● Stored items:
※
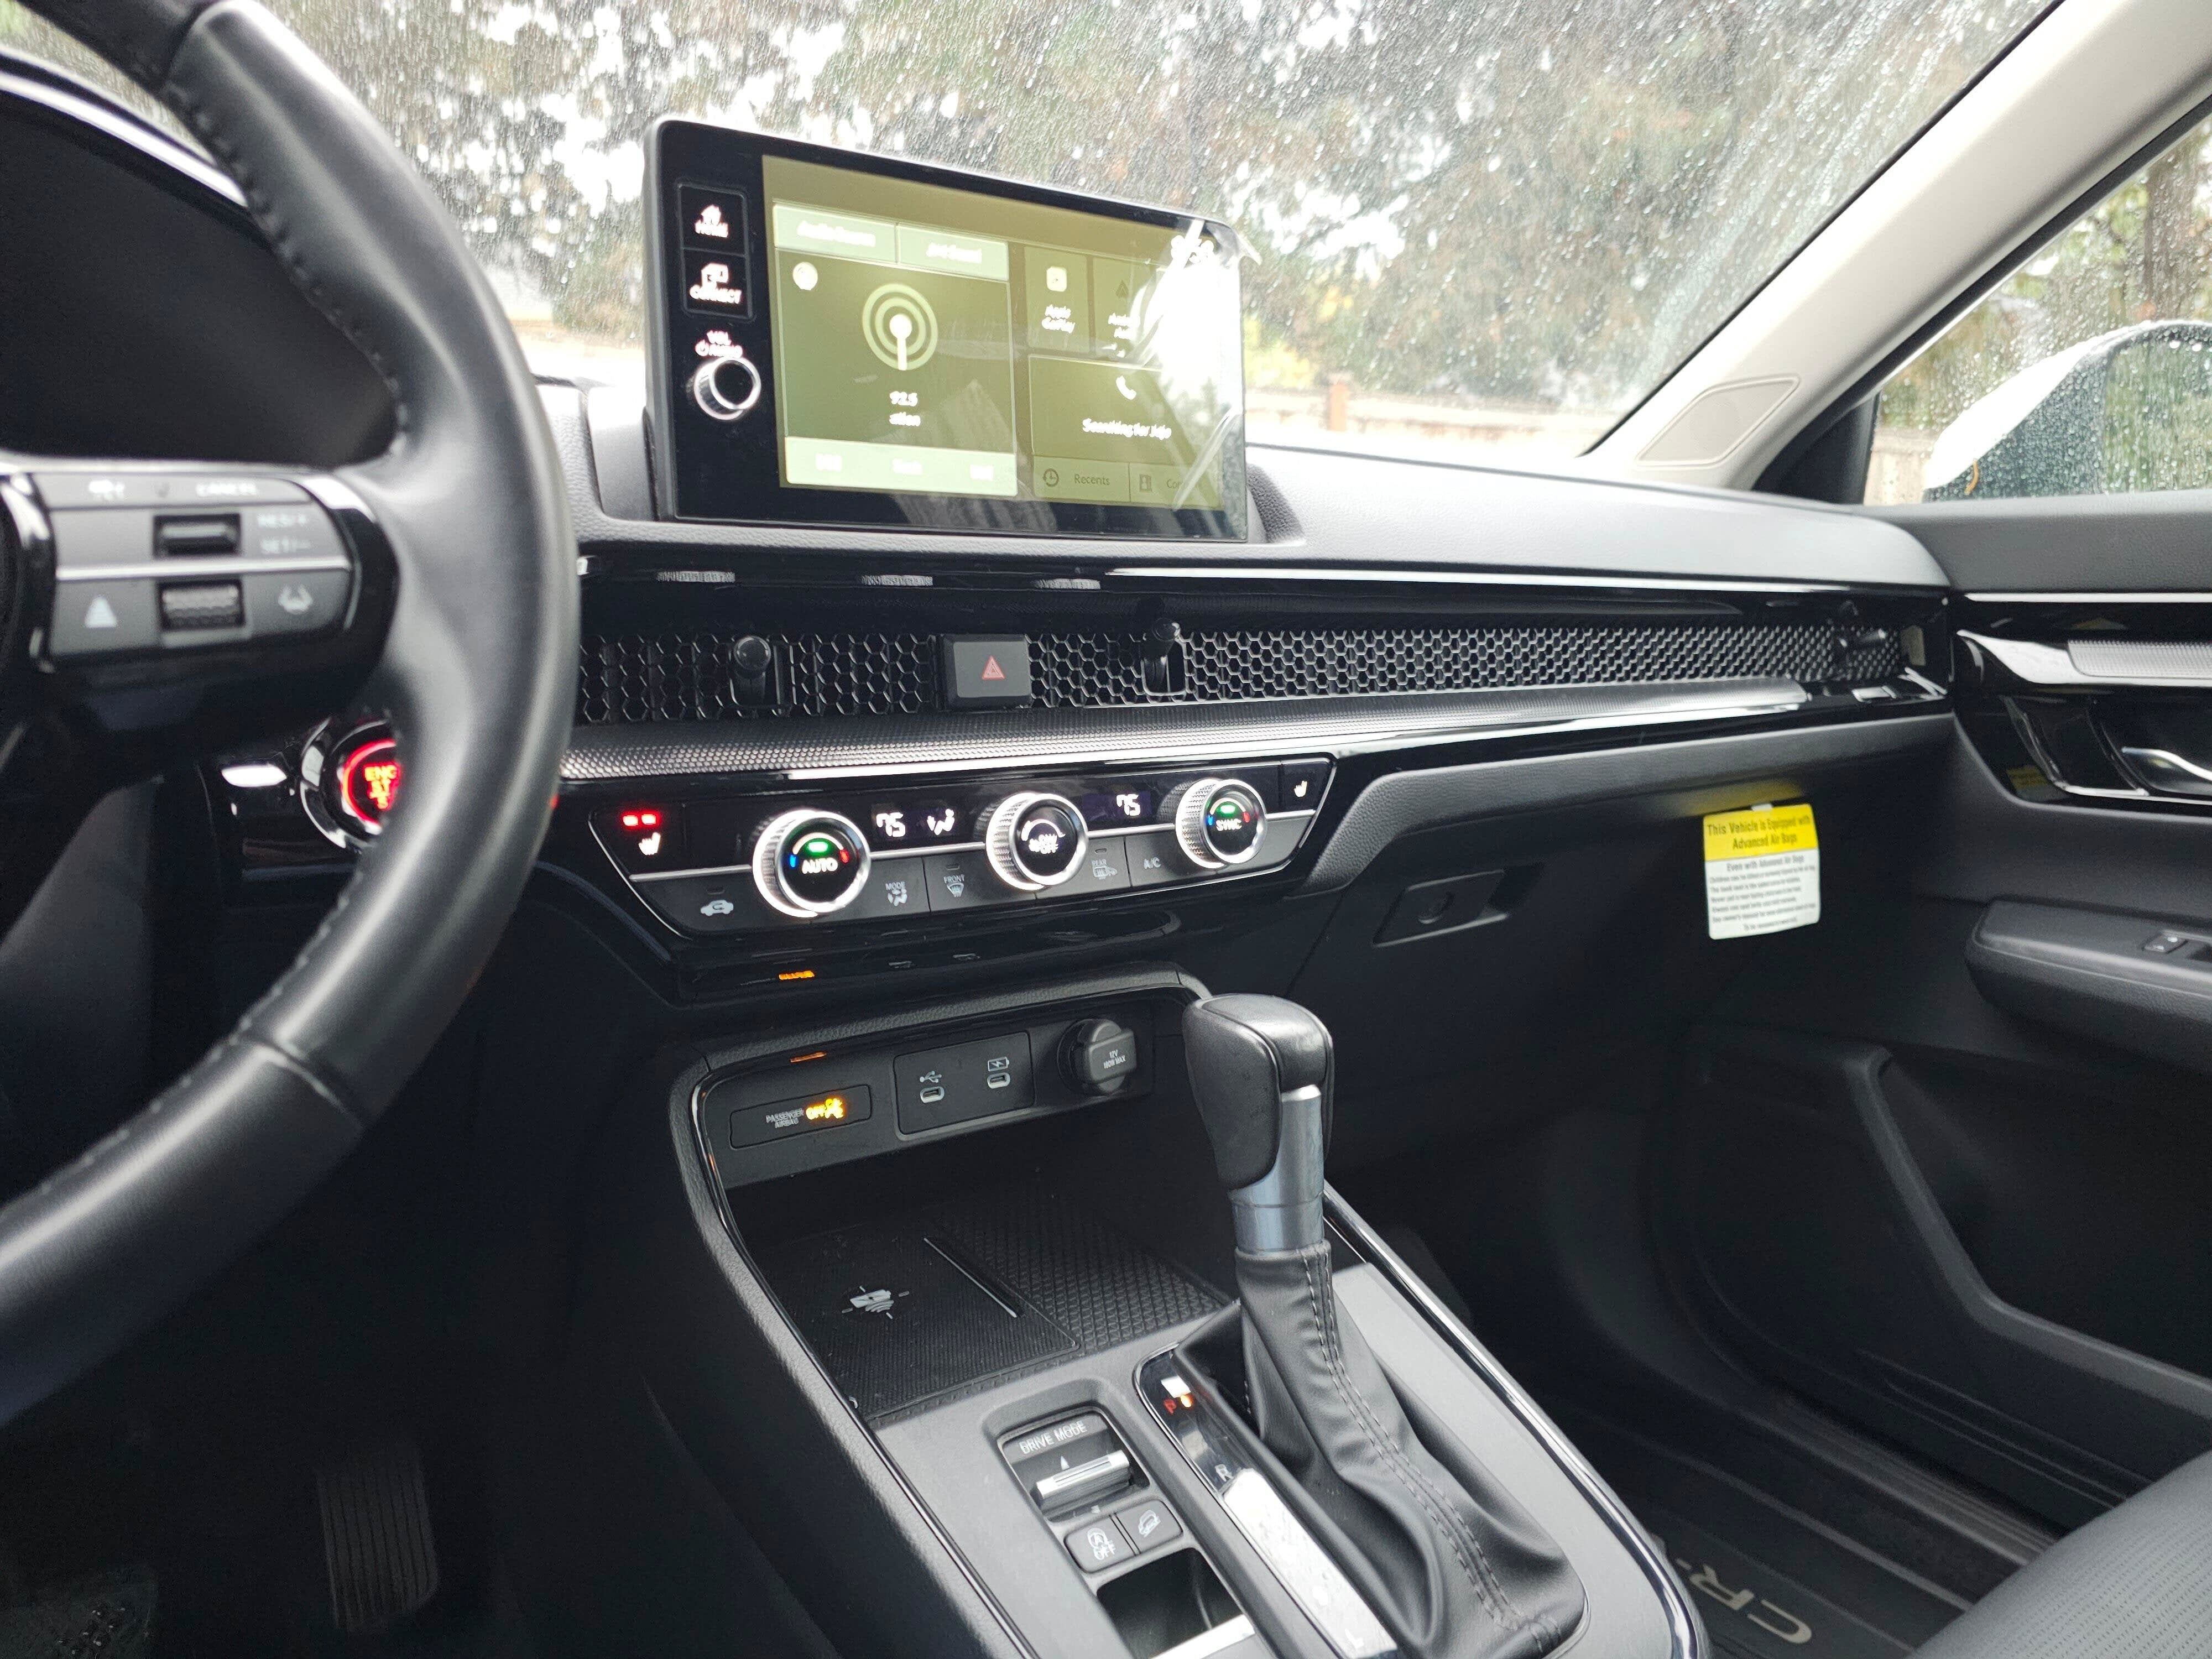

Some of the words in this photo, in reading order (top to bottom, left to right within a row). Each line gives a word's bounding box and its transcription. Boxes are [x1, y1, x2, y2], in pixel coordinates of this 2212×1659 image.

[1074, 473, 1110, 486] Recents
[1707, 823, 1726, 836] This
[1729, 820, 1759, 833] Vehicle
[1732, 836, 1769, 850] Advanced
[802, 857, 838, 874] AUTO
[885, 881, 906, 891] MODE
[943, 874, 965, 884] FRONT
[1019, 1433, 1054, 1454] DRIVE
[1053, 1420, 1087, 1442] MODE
※
● ABOUT THIS EXERCISE:
When you copy the data above, keep each line exact and omit the pictures.

● ANSWER TO THE EXERCISE:
Some of the words in this photo, in reading order (top to bottom, left to right within a row). Each line gives a word's bounding box and its transcription. Boxes are [x1, y1, x2, y2], in pixel coordinates of this 2212×1659 image.

[1074, 473, 1110, 486] Recents
[1707, 823, 1726, 836] This
[1729, 820, 1759, 833] Vehicle
[1732, 836, 1769, 850] Advanced
[802, 857, 838, 874] AUTO
[885, 881, 906, 891] MODE
[943, 874, 965, 884] FRONT
[1019, 1433, 1054, 1454] DRIVE
[1053, 1420, 1087, 1442] MODE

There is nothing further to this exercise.